The school's building should be finished by the time students show up for class, unlike facilities being built for other new charter schools around the state.
Midsummer is scramble time for the more than a dozen new charter schools set to open this fall. Some face construction delays and financing woes or are waiting for supplies such as books to arrive.
Alpine's Mountainville Academy will open in portable classrooms on a yet-to-be-determined site while construction continues. The first day of school may be Aug. 23, or it could change.
"We are still in this start phase," said Rebecca Whitchurch, chairwoman of the school's board. "Things always do take longer than anticipated."
Parents talk about putting in 18-hour days to plan and launch new charter schools. For many, it is a much larger undertaking than they ever imagined.
Yet all of Utah's newest charter schools have told the state they plan to open this fall. If the school does not open by Sept. 30, it can't open for this school year, according to state rules.
That first year can be far from typical for a charter school. Its facility may be temporary and its student body somewhat in flux.
A new charter school may lose 15 to 20 students in its first month when students decide the school is not the best fit.
Some schools, such as George Washington Academy in St. George, have all their slots filled as of this month, while others, such as Paradigm High School in Draper, still are contacting students to verify enrollment.
Opening the school concludes a sprint that may have begun only a year earlier when the institution earned approval. The short time period between approval and opening could change, however.
John Broberg, state charter schools director, wants to see the state approve charters earlier to give founders more time to plan. New public schools are often years in the making, whereas charter schools can be approved by the Utah Board of Education as late as Sept. 30 and open the following fall.
Time alone wouldn't have solved all of Monticello Academy's problems. Choosing not to go with a private charter school development company in hopes of keeping more money for classroom needs, organizers of the West Valley City school sought independent financing for construction.
The school temporarily will lease space at Granite School District's Hill View Elementary, which had previously been at the center of a seismic safety debate in Granite.

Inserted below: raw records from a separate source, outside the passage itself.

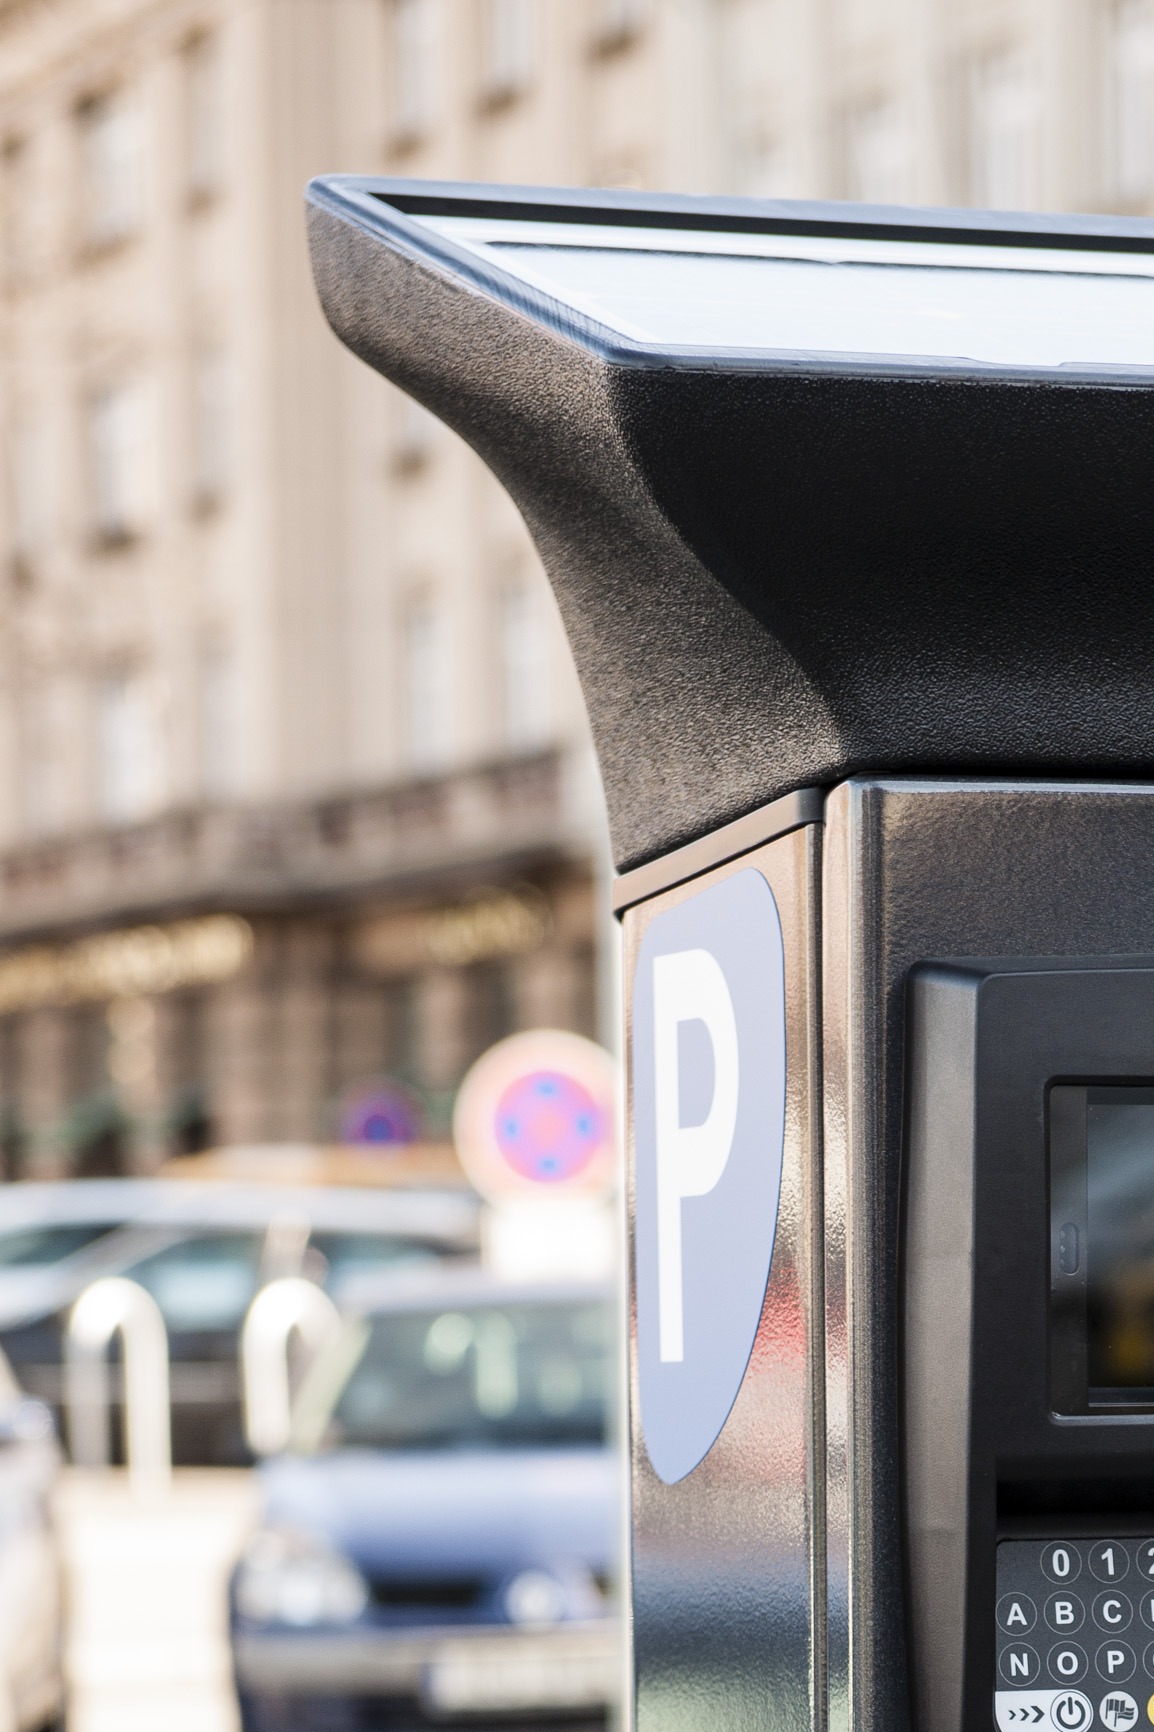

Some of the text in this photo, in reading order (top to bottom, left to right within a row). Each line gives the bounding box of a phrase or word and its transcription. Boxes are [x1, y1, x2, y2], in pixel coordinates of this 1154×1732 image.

[653, 948, 740, 1362] P
[1052, 1549, 1070, 1577] 0
[1101, 1548, 1115, 1576] 1
[1006, 1602, 1028, 1626] A
[1054, 1601, 1075, 1625] B
[1102, 1599, 1122, 1624] C
[1010, 1652, 1029, 1677] N
[1056, 1651, 1079, 1675] O
[1107, 1650, 1125, 1674] P
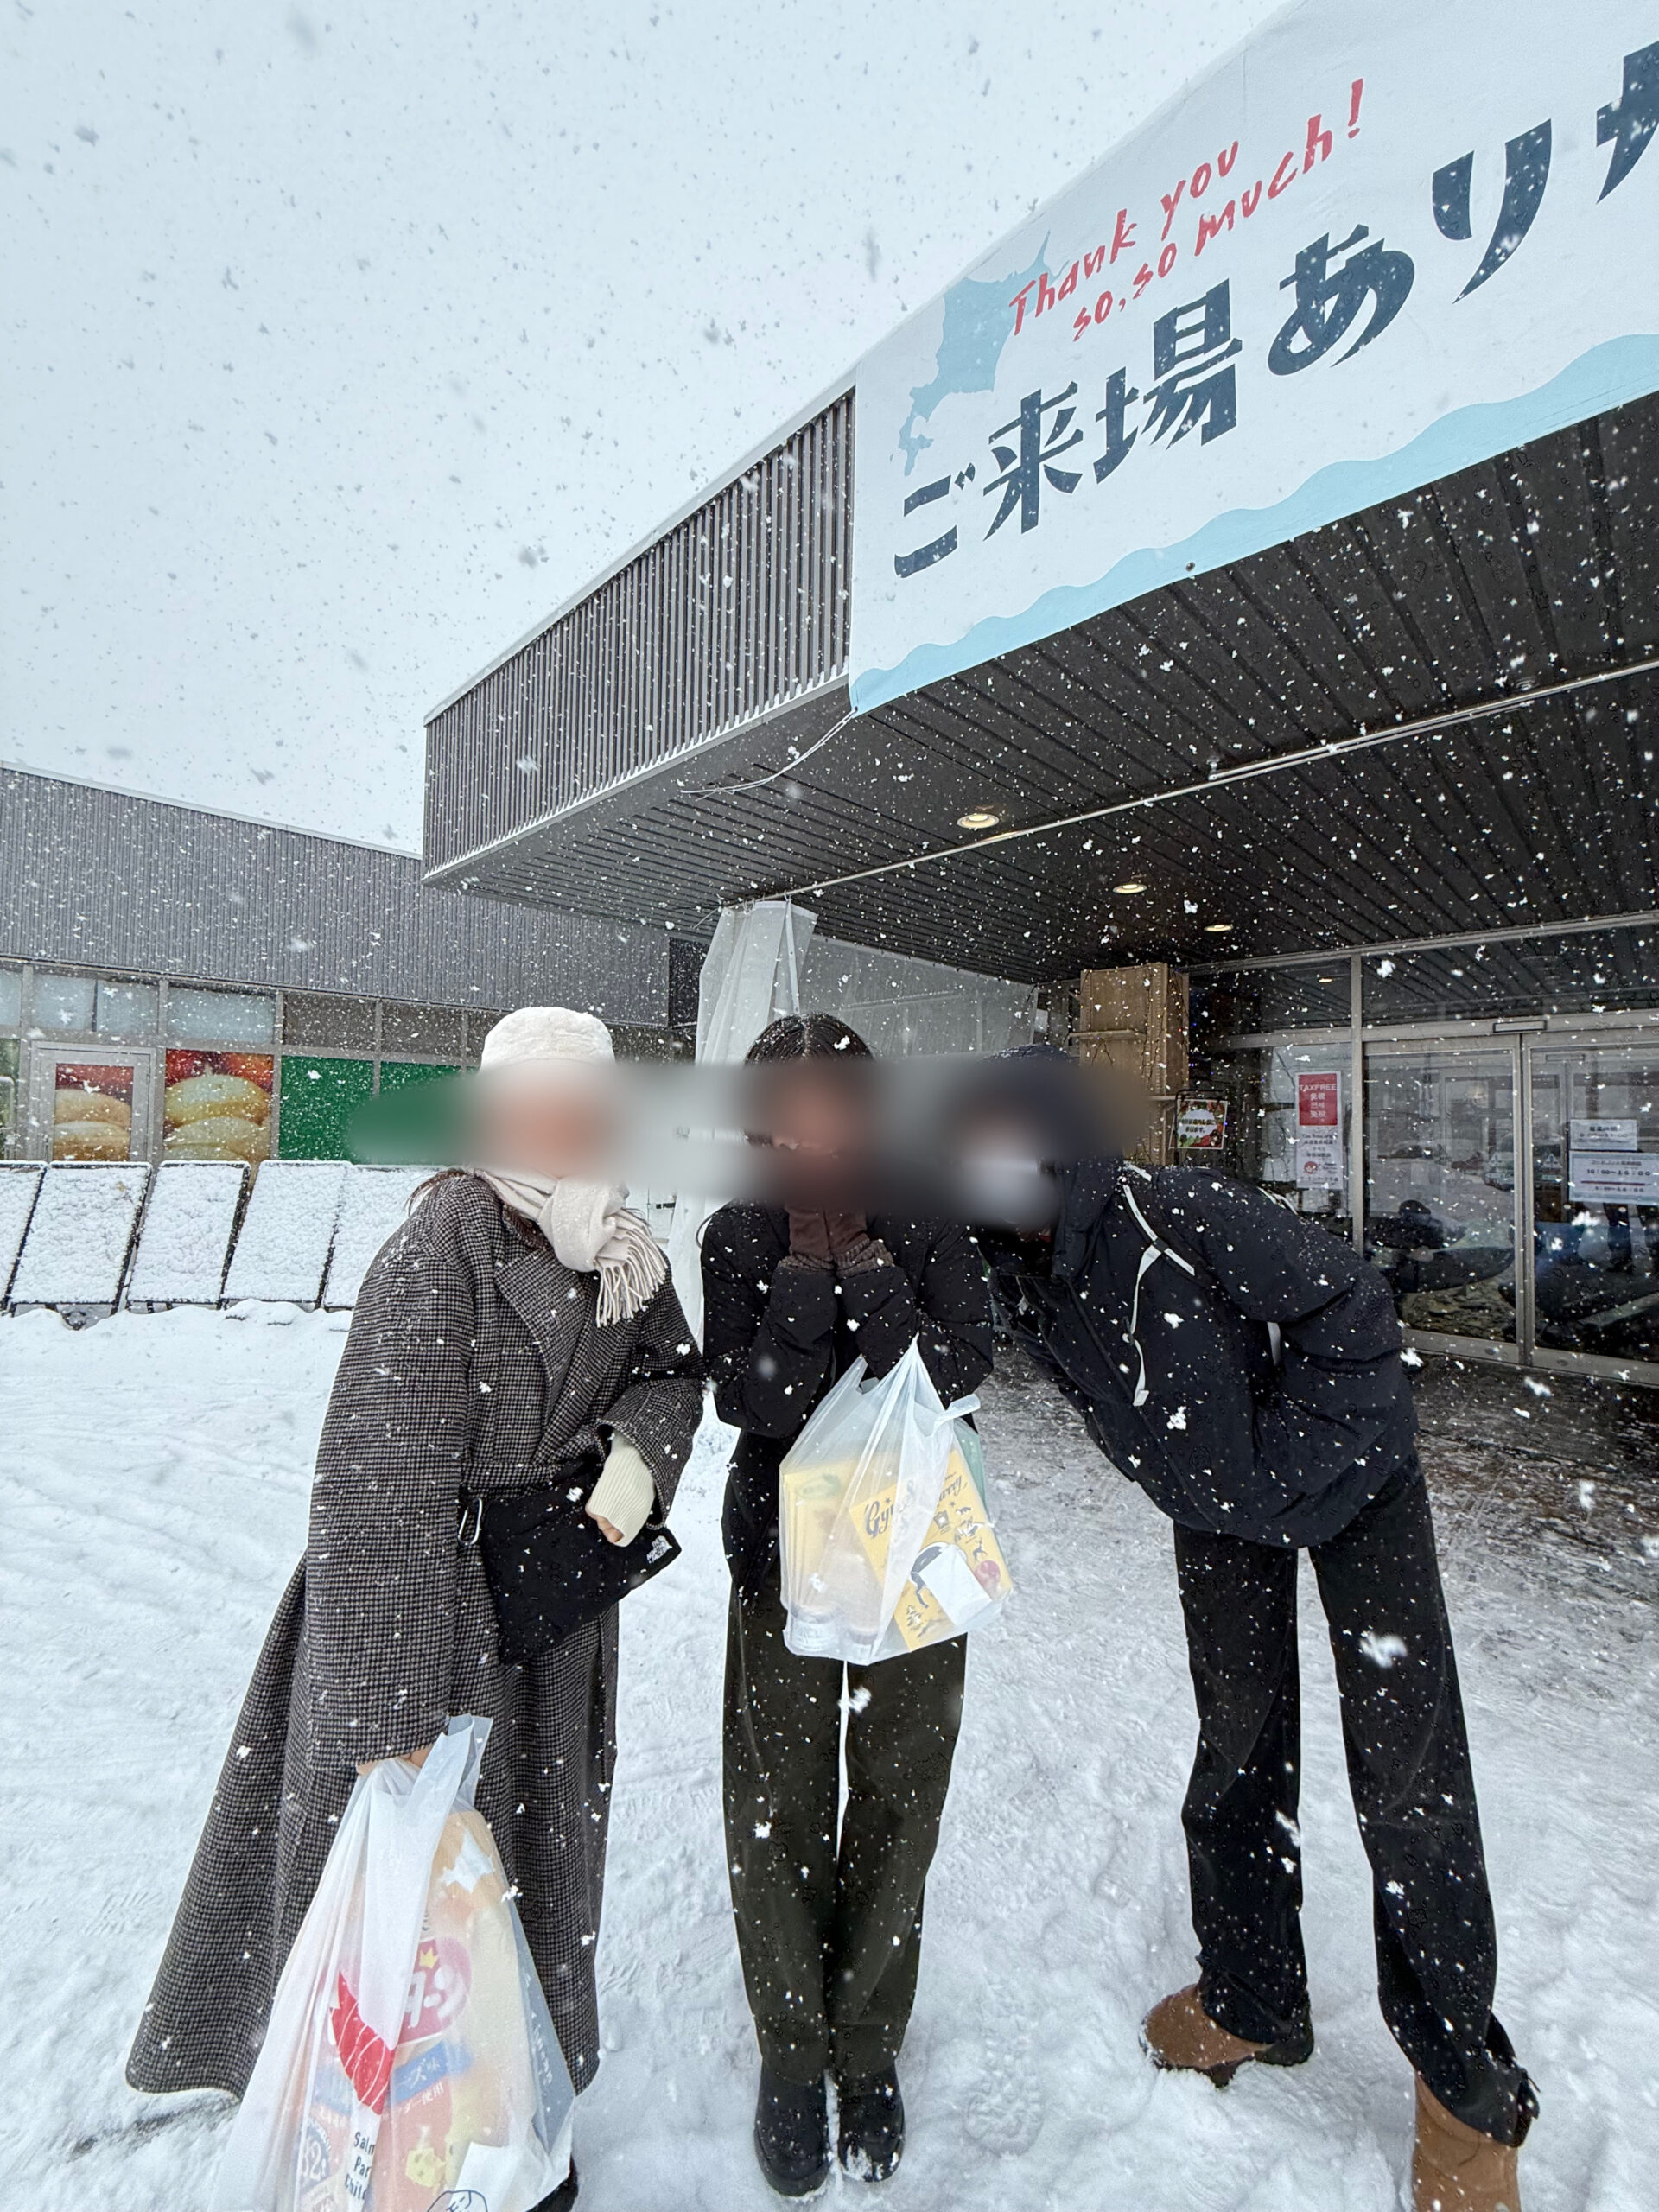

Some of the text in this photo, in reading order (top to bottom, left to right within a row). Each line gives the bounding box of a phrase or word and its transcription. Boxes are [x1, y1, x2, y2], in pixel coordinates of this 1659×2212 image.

[1008, 141, 1239, 335] Thank you
[1194, 78, 1364, 257] much!

When its new building is completed, Monticello, which is fully enrolled, will move.
"The biggest hurdle is that lenders and investors don't know what charter schools are," said Kim Coleman, board chairwoman. "So we have had to spend a great deal of time educating anyone who would take a second look at us."
To make matters worse, the school won't receive its operational funding until the last week of July.

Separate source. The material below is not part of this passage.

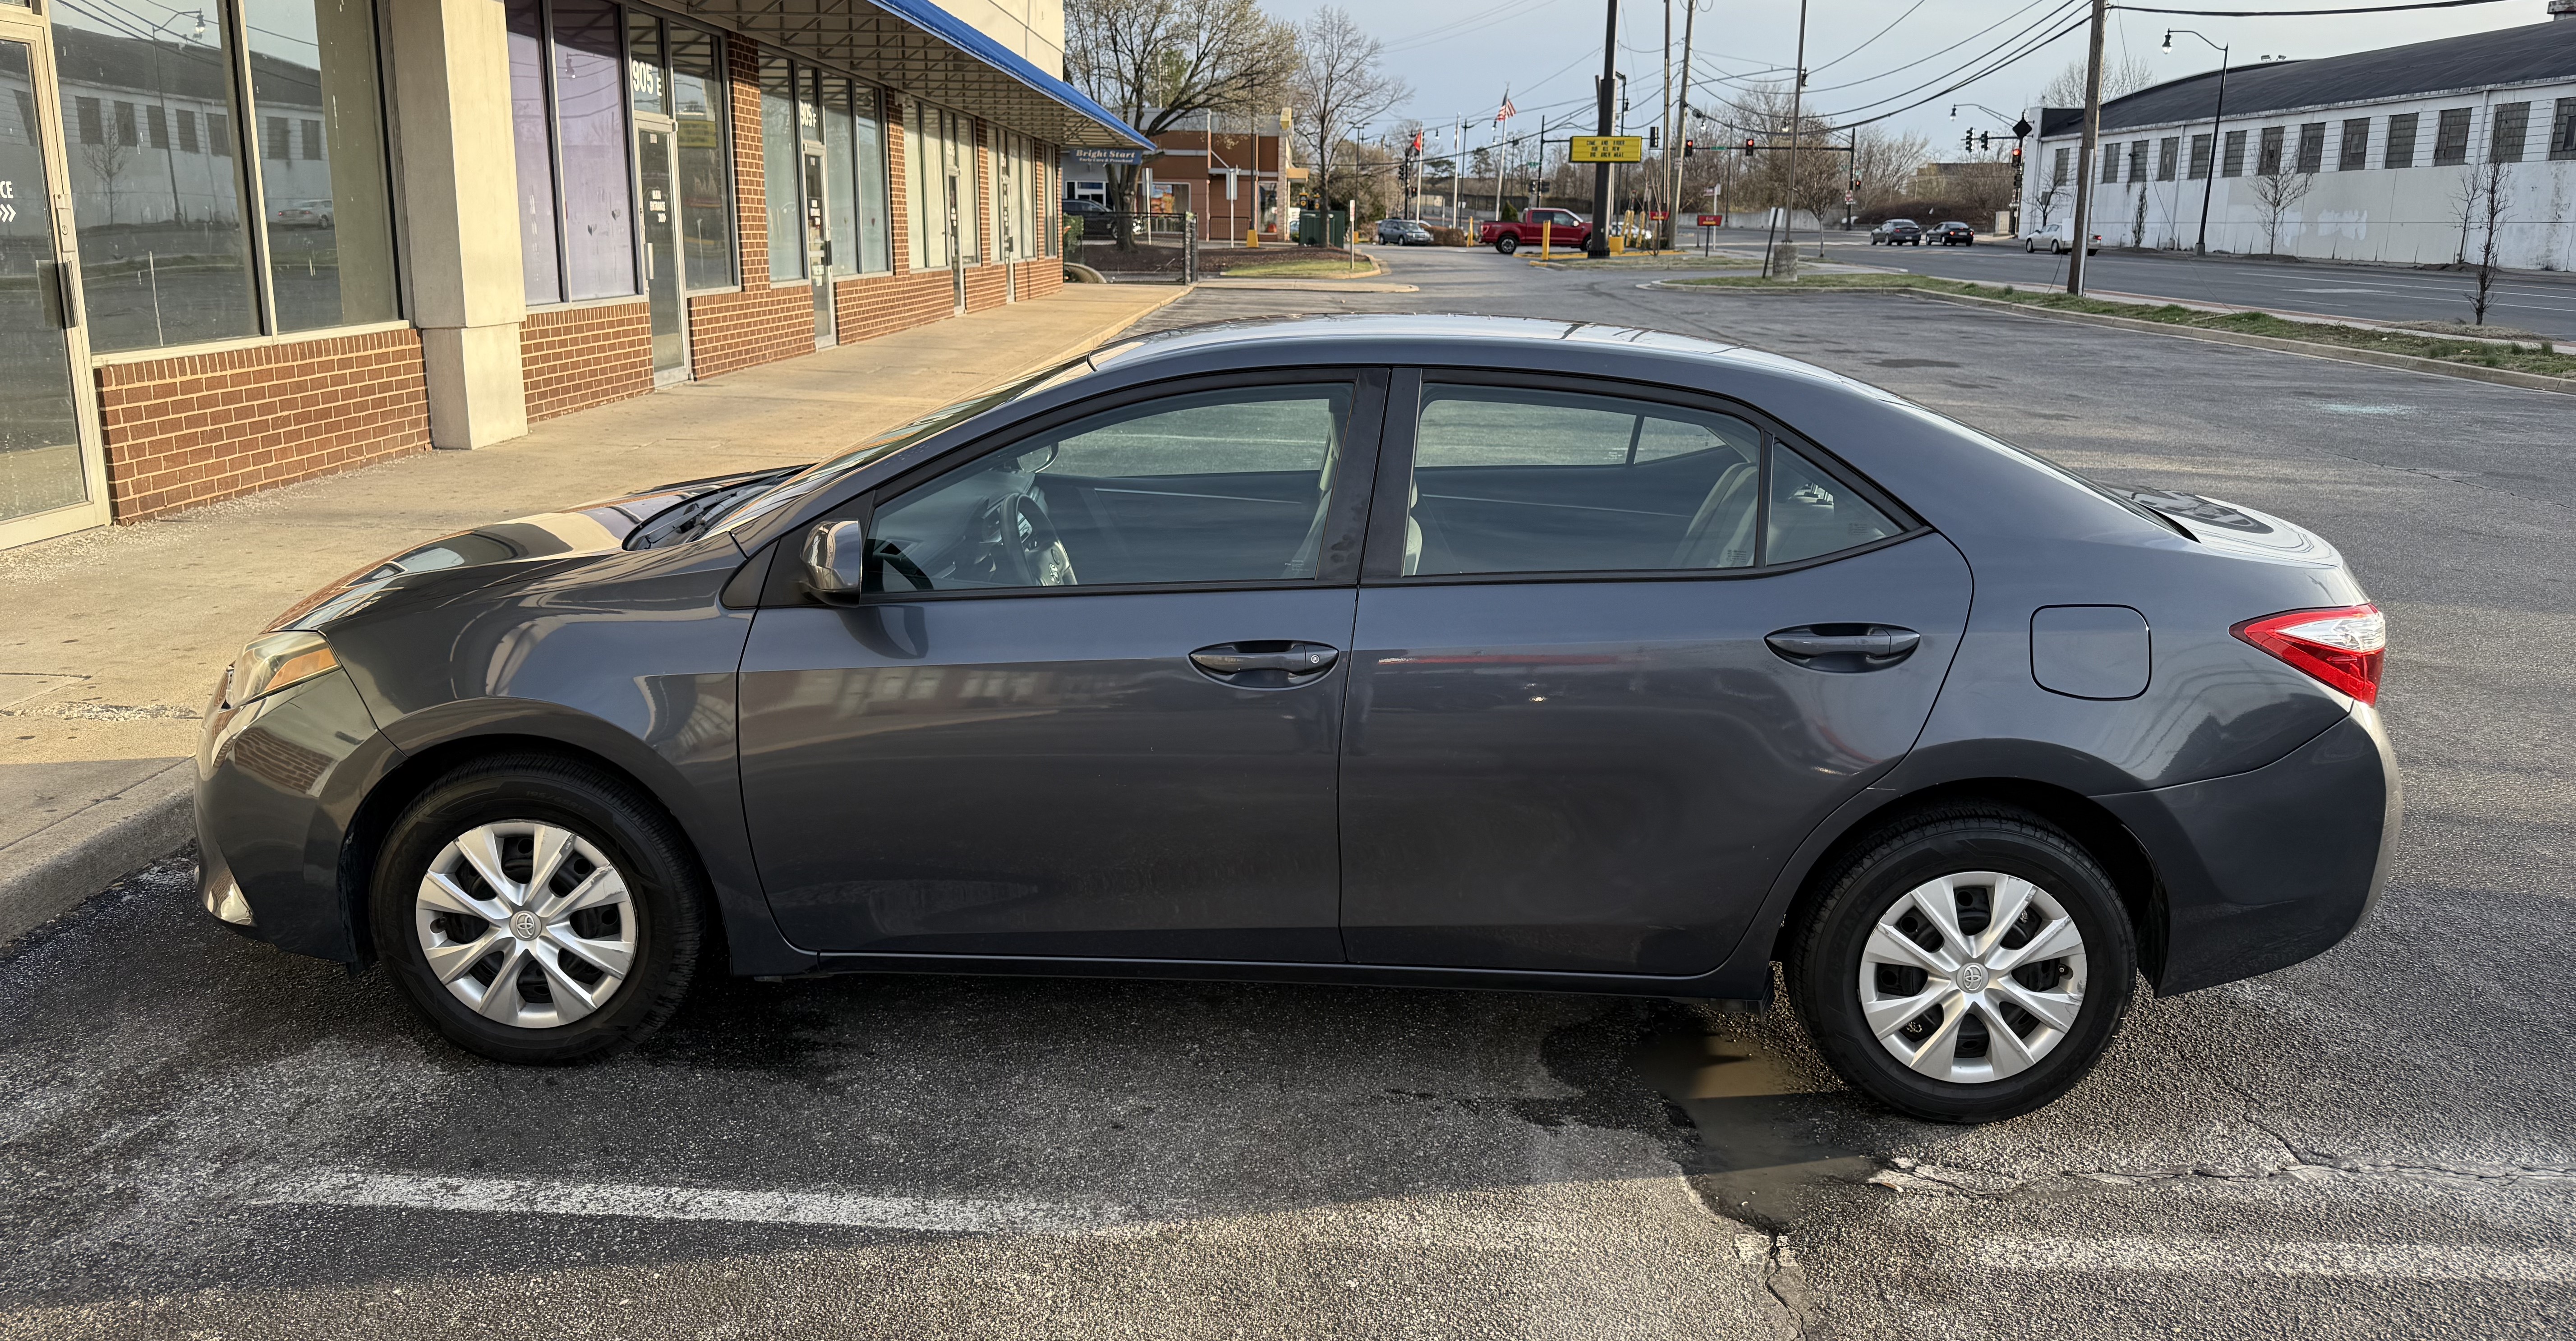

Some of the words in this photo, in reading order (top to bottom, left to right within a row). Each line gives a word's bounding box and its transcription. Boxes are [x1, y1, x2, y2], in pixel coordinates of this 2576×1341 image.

[632, 60, 654, 95] 905
[657, 77, 662, 97] E
[1076, 150, 1107, 158] Bright

"If someone came along and said, 'I want to start a charter school,' I'd give them the names and numbers of the development companies, because what we've done cannot be easily replicated," she said. "And the result is that we don't have a building come September."
Coleman emphasizes the children are not at risk at Hill View.
"We would not put kids in a building that was deemed unsafe," she said. "That it's out of code is not the same as deemed unsafe."
Things change quickly when a charter school is about to be born.
Six weeks ago, the Salt Lake School for the Performing Arts didn't have phones or computers. Now the school plans to put on "Oklahoma" this fall in collaboration with Highland High students and faculty.
The first year, the school will be housed at Highland. Construction may begin on the new school building this year.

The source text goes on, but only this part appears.